Wow. Your writing journay started young from age 8 to 14 when you caught your first big break with a profile in the NYT. Did you always know you’d become published someday? What made you keep trying?
Oh no, no no I did not. No idea. Plus, I should emphasize the quality of my writing at 8 years old was questionable. No one was going around saying: “this dude is an 8-year-old Cormac McCarthy, watch out.” I would write intensely for periods of my life and then I would stop. I started out as a playwright, out of college, but I wasn’t much of a playwright, I think. I went to grad school for acting and just stopped writing for a few years. I think I needed a break. I started writing YA a few years ago because I had a story idea I couldn’t shake, and felt maybe I had developed my voice, and actually had stuff to say. Fiction freed me in a way; I wasn’t constrained as much by the structure of writing works for film, or the stage. There was lots of rejection at first. It was a long road for me.

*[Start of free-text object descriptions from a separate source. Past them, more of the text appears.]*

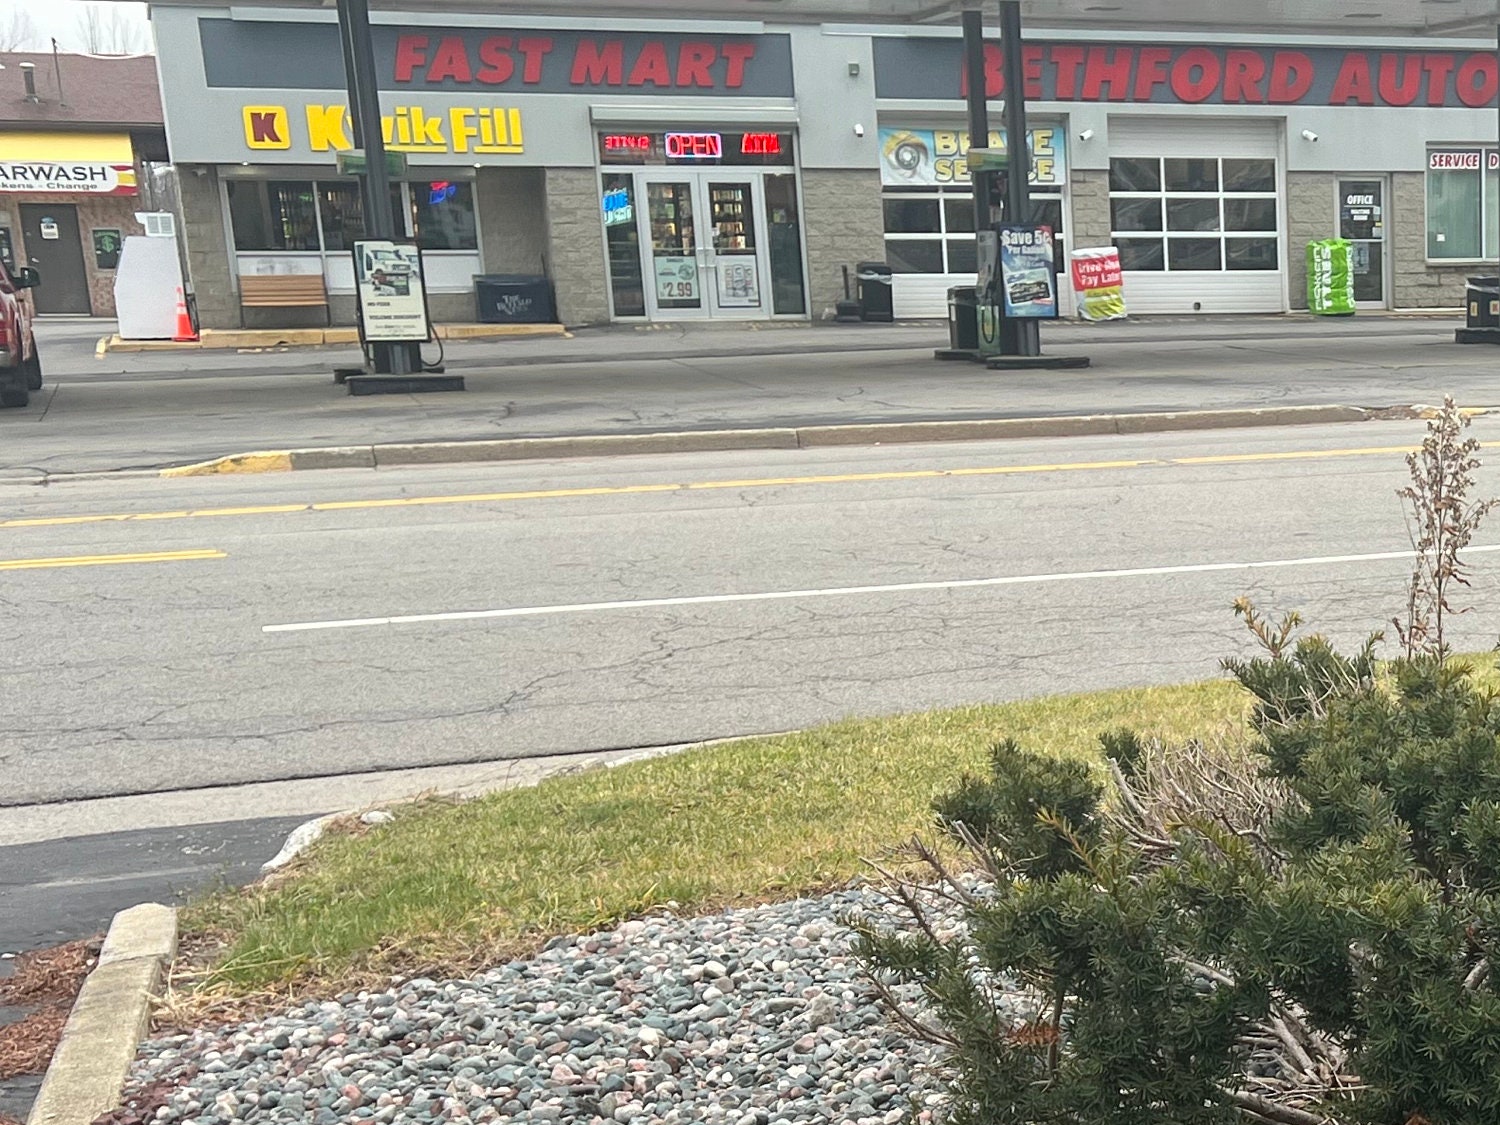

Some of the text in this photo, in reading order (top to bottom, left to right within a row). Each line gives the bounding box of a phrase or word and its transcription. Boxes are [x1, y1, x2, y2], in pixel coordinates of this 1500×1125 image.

[394, 36, 759, 87] FAST MART
[1329, 52, 1500, 108] AUTO
[449, 107, 525, 154] Fill
[668, 135, 719, 155] OPEN
[933, 129, 1054, 156] BRAE
[1430, 152, 1480, 169] SERVICE
[0, 166, 107, 181] ARWASH
[46, 182, 98, 190] Change
[1347, 195, 1374, 205] OFFICE
[1001, 230, 1033, 246] Save
[1081, 274, 1099, 287] Pay
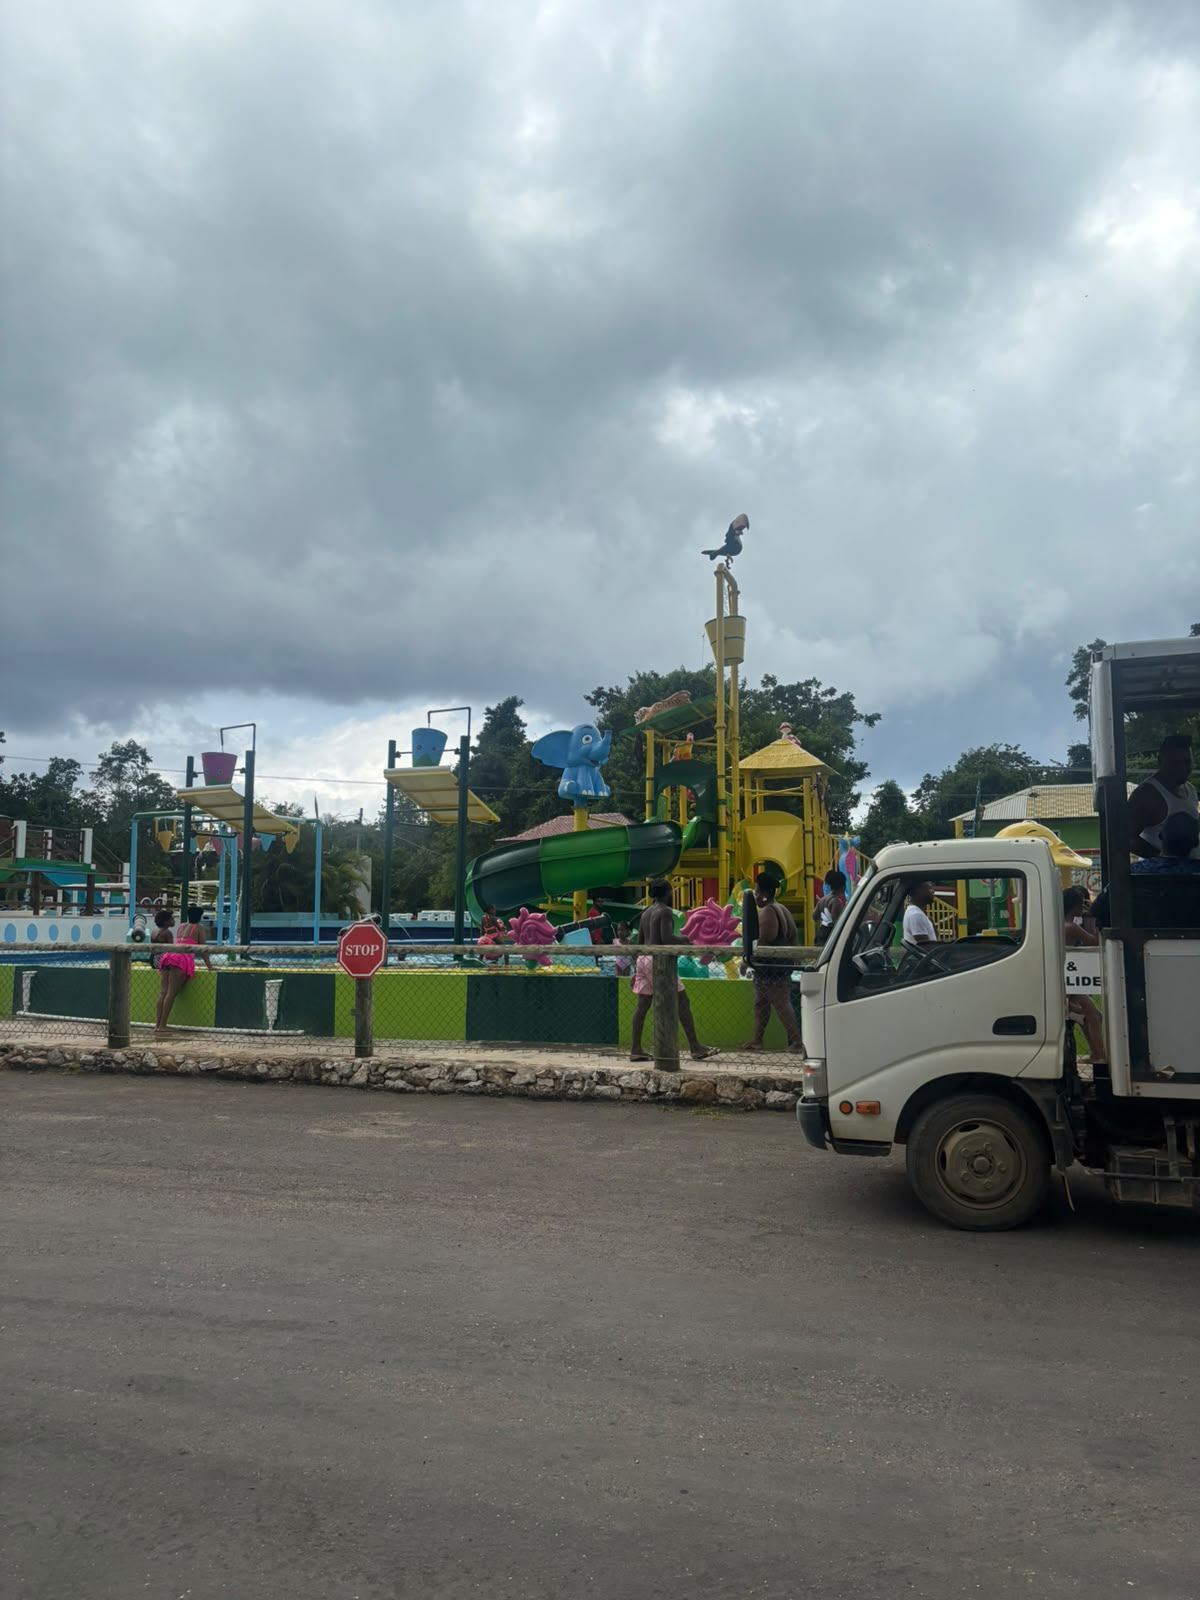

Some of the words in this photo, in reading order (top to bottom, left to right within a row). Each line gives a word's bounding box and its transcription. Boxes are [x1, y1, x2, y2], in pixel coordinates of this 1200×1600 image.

I also have to ask… did you keep any of your underground humor magazine? Will it ever see the light of day again?
I was told recently one of my younger brother’s friends, this kid I grew up with, had a copy, and he showed my brother and my sister-in-law. I wasn’t there. Apparently it was all wrapped up in plastic and protective paper like it was the dead sea scrolls. Maybe he thought it would be worth something one day? Maybe it will! Some people say it was THE WORLD’S FIRST ZINE. Who am I to argue with that? I think my parents maybe kept a few copies–in storage somewhere or something, wherever people’s parents store things.

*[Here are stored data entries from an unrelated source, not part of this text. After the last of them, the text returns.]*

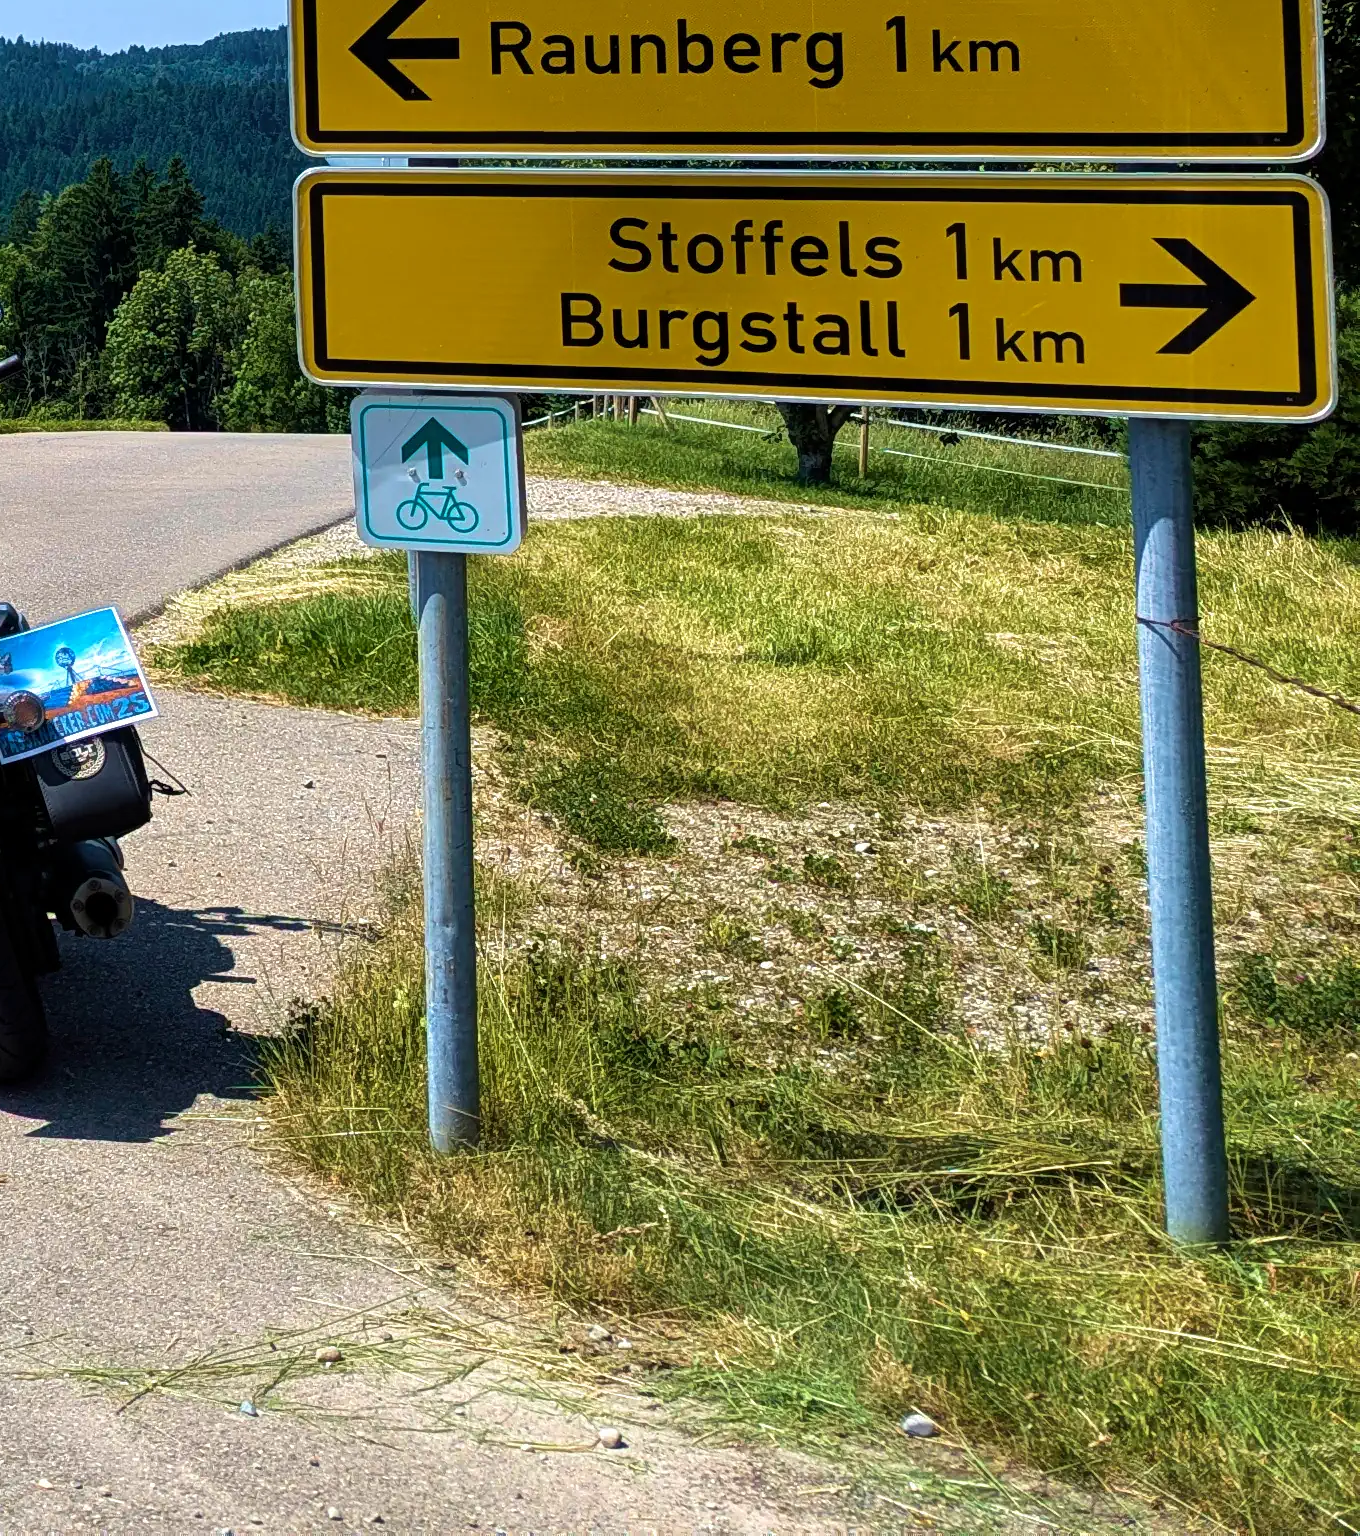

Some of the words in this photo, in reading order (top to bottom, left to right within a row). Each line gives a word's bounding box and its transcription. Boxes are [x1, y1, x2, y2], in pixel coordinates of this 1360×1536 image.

[490, 18, 845, 89] Raunberg
[885, 15, 908, 73] 1
[931, 28, 1021, 73] km
[607, 217, 904, 279] Stoffels
[945, 222, 968, 280] 1
[992, 237, 1083, 283] km
[560, 292, 907, 367] Burgstall
[948, 302, 971, 361] 1
[995, 317, 1086, 364] km
[112, 692, 149, 719] 25

I think it is safe to say your experience in acting shaped your debut novel Scream All Night? Primarily since Scream All Night is about a young actor struggling with his past. Did anything that happened in real life make its way into the novel in some way?
Oh, absolutely, more than people could ever guess. Definitely meeting certain writers and directors while working on TV shows, or in plays. Most are fine, actually. A few are bullies. But I guess a lot of what seeped into my novel was my time at Yale Drama; we were living a very unnatural existence–this extended family constantly performing for each other, pretending to be other people. It was a strange, insular world that no one can really understand unless you’ve been through the experience yourself. The infamous Yale Cabaret, where we’d meet once a week to regroup and perform for each other in this underground theater, definitely helped inspire the Crepuscular Dusk scene in Scream All Night–although if you haven’t read the book yet you probably have no idea what I’m talking about.
Don’t laugh… because you probably get asked this a lot. But, what is your favorite element of B-horror and cult films?
Probably the sheer weirdness factor of cult films, and how things could fail on all cylinders, but at the same time there was a group of people–the investors, the producers, the creatives, who all agreed this was a good idea. I think that’s pretty fascinating. Maybe it’s just collective hope. But some of these low budget films are beautiful in their own right. Night of the Living Dead, which is a quintessential B-horror, pretty much changed the world. No one had heard of zombies before. Nothing was the same after Texas Chainsaw Massacre, which I think is a work of art.
Let’s finish with something fun. If Dario Heyward found himself stuck on an island for a month what would he smuggle with him?
Dario’s most valuable possession at the beginning of the novel is a smashed iPhone 6. He doesn’t have a cell phone plan, but he downloads Miles Davis records. He’s really into jazz, and Miles. So I’ll go with that.
Is there anything else you’d like to share or say?
People keep asking me if Scream All Night is scary, if it’s actually a horror novel. Nope! The backdrop of the story takes place at a B-horror movie studio, but the story is really a dark comedy. There are creepy elements here and there (how could there not be?), but the beating heart of the story is Dario (my MC) and his relationship with what’s left of his family, his family legacy, and the people he once loved and lost, with everyone living in unnatural seclusion, in a place that really shouldn’t exist, but somehow still does.